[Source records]
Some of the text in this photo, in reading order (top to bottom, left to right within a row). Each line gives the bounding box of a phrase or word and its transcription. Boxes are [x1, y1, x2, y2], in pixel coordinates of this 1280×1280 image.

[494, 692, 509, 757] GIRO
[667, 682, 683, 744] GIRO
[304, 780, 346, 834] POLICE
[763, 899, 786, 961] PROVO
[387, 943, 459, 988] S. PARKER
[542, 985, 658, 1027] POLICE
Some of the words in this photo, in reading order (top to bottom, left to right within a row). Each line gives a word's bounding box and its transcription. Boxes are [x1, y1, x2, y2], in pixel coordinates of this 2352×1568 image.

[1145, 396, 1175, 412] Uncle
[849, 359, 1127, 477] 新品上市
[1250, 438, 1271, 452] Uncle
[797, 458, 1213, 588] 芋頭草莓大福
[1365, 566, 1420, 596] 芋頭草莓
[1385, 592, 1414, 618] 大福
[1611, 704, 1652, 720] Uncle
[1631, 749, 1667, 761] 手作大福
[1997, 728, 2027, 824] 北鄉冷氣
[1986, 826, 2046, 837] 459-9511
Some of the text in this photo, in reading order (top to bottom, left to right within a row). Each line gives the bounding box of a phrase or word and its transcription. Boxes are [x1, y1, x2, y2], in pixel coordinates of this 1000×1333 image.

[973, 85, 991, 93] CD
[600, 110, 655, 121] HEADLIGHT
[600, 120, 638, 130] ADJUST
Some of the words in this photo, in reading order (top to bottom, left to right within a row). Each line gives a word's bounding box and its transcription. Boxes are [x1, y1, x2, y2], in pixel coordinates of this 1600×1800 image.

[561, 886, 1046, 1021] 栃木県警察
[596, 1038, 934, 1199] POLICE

> **Directions for this task**
After locating the line containing "this 1600×1800 image.", write out that line and all remaining lines of the records exactly, with nothing added.

> **Your response**
Some of the words in this photo, in reading order (top to bottom, left to right within a row). Each line gives a word's bounding box and its transcription. Boxes are [x1, y1, x2, y2], in pixel coordinates of this 1600×1800 image.

[561, 886, 1046, 1021] 栃木県警察
[596, 1038, 934, 1199] POLICE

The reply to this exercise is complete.